**Data entries:**
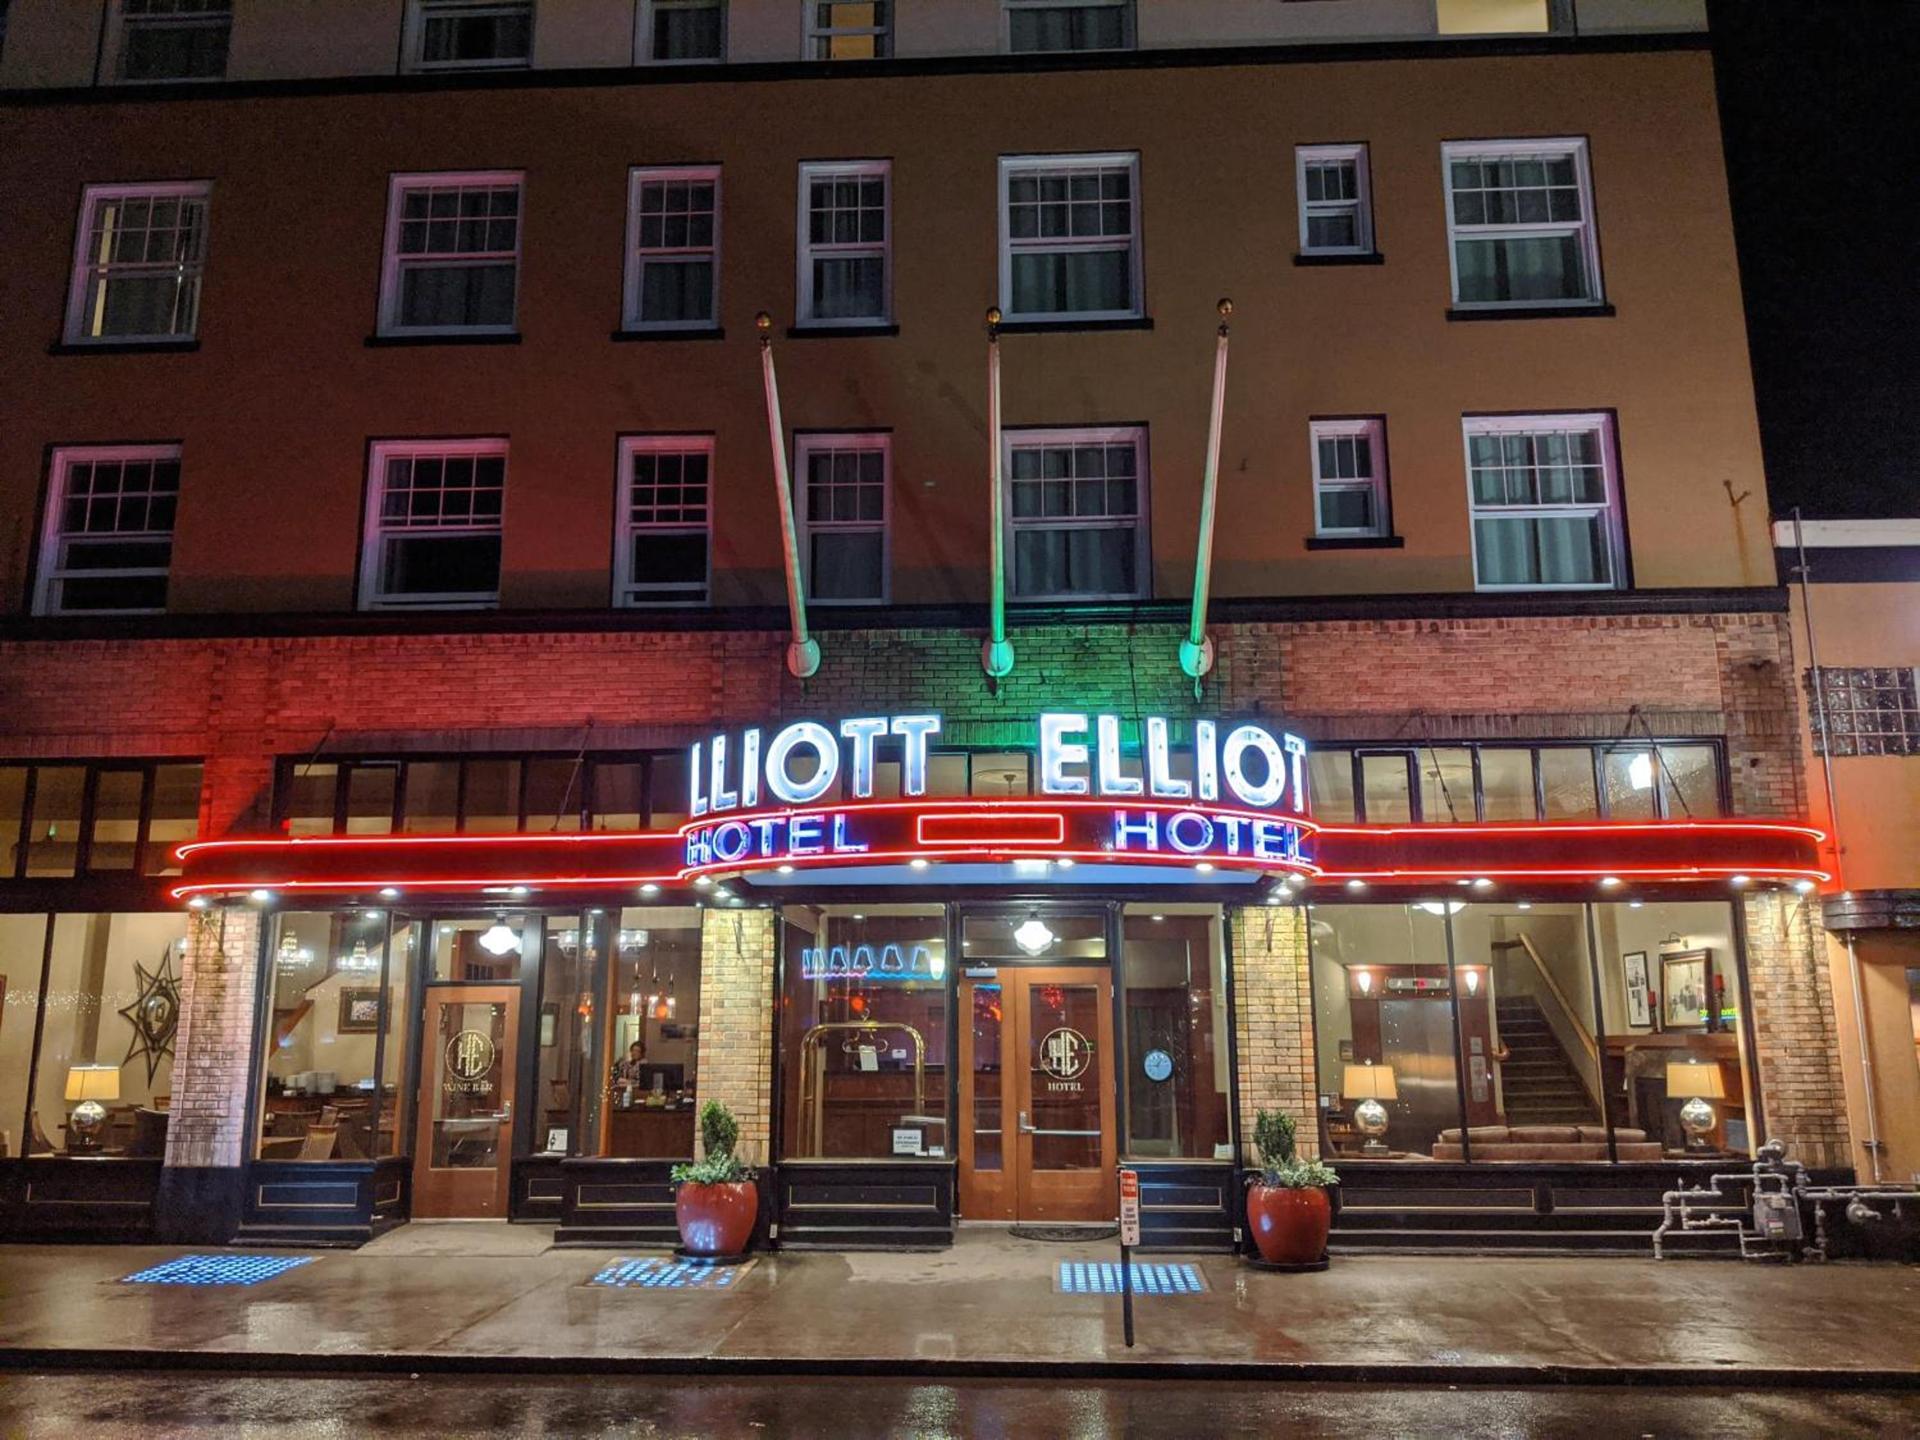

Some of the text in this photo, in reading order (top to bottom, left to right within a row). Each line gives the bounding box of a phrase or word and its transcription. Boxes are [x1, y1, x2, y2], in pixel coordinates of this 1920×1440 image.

[690, 714, 941, 817] LLIOTT
[1040, 713, 1308, 814] ELLIOT
[686, 814, 869, 866] HOTEL
[1114, 810, 1312, 863] HOTEL
[1047, 1081, 1085, 1092] HOTEL

**YOUR OBJECTIVE:** All of the entries must be reproduced exactly, apart from the pictures, which are to be dropped.

**TASK SOLUTION:**
Some of the text in this photo, in reading order (top to bottom, left to right within a row). Each line gives the bounding box of a phrase or word and its transcription. Boxes are [x1, y1, x2, y2], in pixel coordinates of this 1920×1440 image.

[690, 714, 941, 817] LLIOTT
[1040, 713, 1308, 814] ELLIOT
[686, 814, 869, 866] HOTEL
[1114, 810, 1312, 863] HOTEL
[1047, 1081, 1085, 1092] HOTEL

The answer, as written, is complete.